DESCRIPTION OF THE TASK: Copy out the data below, all of it, exactly.

GIVEN RECORDS:
★ ★ ★ ★ ★

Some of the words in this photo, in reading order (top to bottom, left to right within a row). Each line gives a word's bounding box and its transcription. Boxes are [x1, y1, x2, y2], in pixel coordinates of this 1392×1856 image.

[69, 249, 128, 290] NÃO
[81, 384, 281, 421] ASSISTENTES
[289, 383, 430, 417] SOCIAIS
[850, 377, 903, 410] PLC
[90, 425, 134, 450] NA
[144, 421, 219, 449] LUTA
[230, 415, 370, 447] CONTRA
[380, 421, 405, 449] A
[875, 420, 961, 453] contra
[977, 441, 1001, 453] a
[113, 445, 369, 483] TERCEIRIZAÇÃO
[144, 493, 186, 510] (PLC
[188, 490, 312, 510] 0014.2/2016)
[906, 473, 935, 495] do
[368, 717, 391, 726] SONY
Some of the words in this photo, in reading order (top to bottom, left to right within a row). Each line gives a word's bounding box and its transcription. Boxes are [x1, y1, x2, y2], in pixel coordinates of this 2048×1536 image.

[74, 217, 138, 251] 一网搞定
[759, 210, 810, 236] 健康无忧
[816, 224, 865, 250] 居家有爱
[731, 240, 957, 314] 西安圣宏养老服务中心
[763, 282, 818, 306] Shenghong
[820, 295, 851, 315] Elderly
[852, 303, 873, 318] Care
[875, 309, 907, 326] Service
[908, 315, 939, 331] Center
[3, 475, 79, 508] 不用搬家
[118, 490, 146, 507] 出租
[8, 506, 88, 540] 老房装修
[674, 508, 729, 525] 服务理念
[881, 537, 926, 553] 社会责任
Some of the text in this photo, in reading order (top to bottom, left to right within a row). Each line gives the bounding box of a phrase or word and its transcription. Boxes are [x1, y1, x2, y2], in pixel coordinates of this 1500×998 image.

★ ★ ★ ★ ★

EXPECTED ANSWER:
Some of the words in this photo, in reading order (top to bottom, left to right within a row). Each line gives a word's bounding box and its transcription. Boxes are [x1, y1, x2, y2], in pixel coordinates of this 1392×1856 image.

[69, 249, 128, 290] NÃO
[81, 384, 281, 421] ASSISTENTES
[289, 383, 430, 417] SOCIAIS
[850, 377, 903, 410] PLC
[90, 425, 134, 450] NA
[144, 421, 219, 449] LUTA
[230, 415, 370, 447] CONTRA
[380, 421, 405, 449] A
[875, 420, 961, 453] contra
[977, 441, 1001, 453] a
[113, 445, 369, 483] TERCEIRIZAÇÃO
[144, 493, 186, 510] (PLC
[188, 490, 312, 510] 0014.2/2016)
[906, 473, 935, 495] do
[368, 717, 391, 726] SONY
Some of the words in this photo, in reading order (top to bottom, left to right within a row). Each line gives a word's bounding box and its transcription. Boxes are [x1, y1, x2, y2], in pixel coordinates of this 2048×1536 image.

[74, 217, 138, 251] 一网搞定
[759, 210, 810, 236] 健康无忧
[816, 224, 865, 250] 居家有爱
[731, 240, 957, 314] 西安圣宏养老服务中心
[763, 282, 818, 306] Shenghong
[820, 295, 851, 315] Elderly
[852, 303, 873, 318] Care
[875, 309, 907, 326] Service
[908, 315, 939, 331] Center
[3, 475, 79, 508] 不用搬家
[118, 490, 146, 507] 出租
[8, 506, 88, 540] 老房装修
[674, 508, 729, 525] 服务理念
[881, 537, 926, 553] 社会责任
Some of the text in this photo, in reading order (top to bottom, left to right within a row). Each line gives the bounding box of a phrase or word and its transcription. Boxes are [x1, y1, x2, y2], in pixel coordinates of this 1500×998 image.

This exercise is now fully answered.